[RECORDED INFORMATION — start]
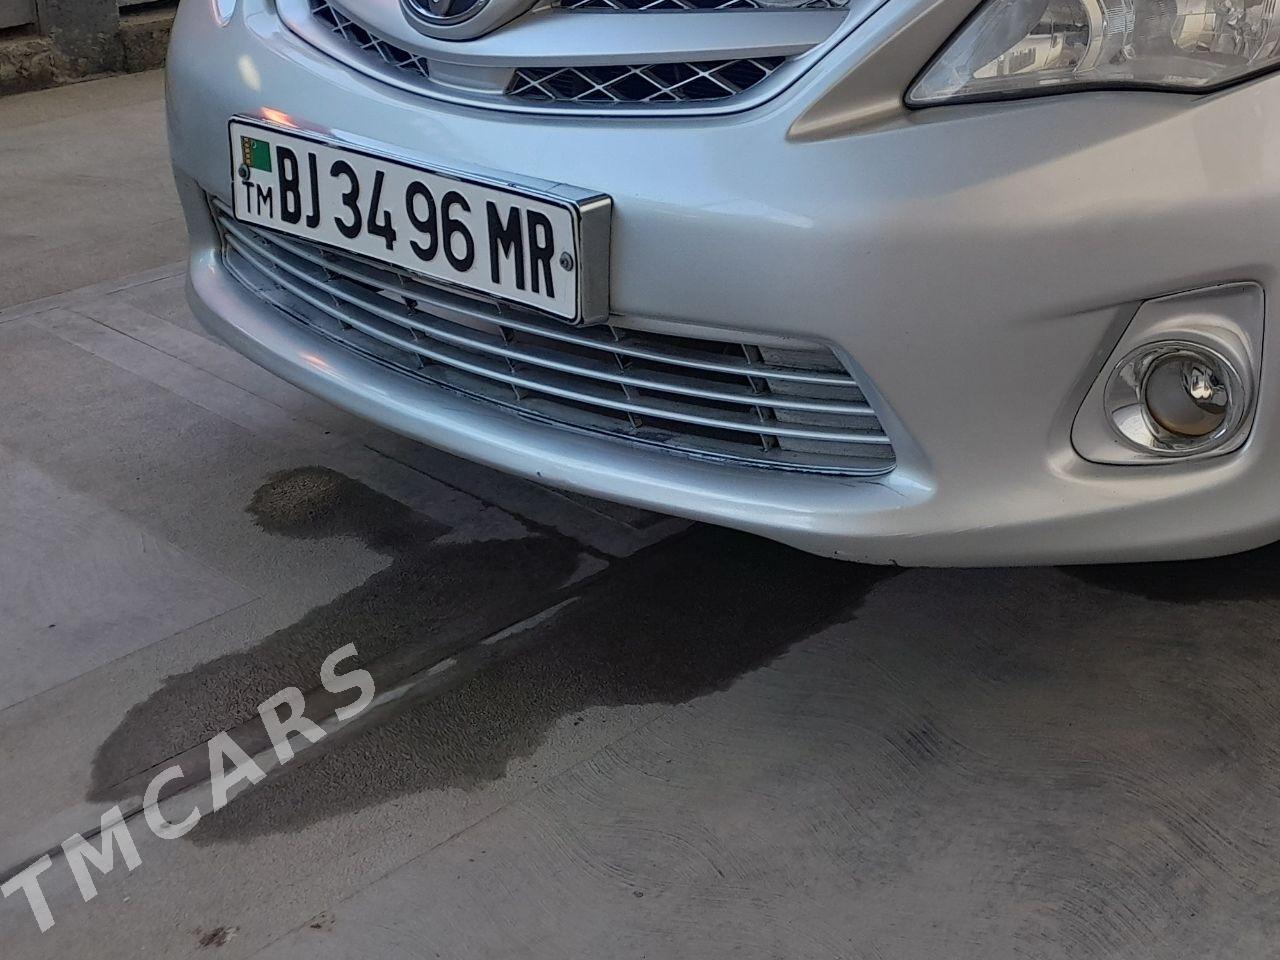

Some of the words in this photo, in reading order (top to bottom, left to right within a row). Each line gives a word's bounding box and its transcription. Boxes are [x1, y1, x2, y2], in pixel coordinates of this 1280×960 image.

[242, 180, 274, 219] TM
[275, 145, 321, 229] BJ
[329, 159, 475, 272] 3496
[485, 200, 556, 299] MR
[RECORDED INFORMATION — finish]
TASK - Go through the data and return every word of it verbatim, leaving out the pictures.

TASK RESULT -
Some of the words in this photo, in reading order (top to bottom, left to right within a row). Each line gives a word's bounding box and its transcription. Boxes are [x1, y1, x2, y2], in pixel coordinates of this 1280×960 image.

[242, 180, 274, 219] TM
[275, 145, 321, 229] BJ
[329, 159, 475, 272] 3496
[485, 200, 556, 299] MR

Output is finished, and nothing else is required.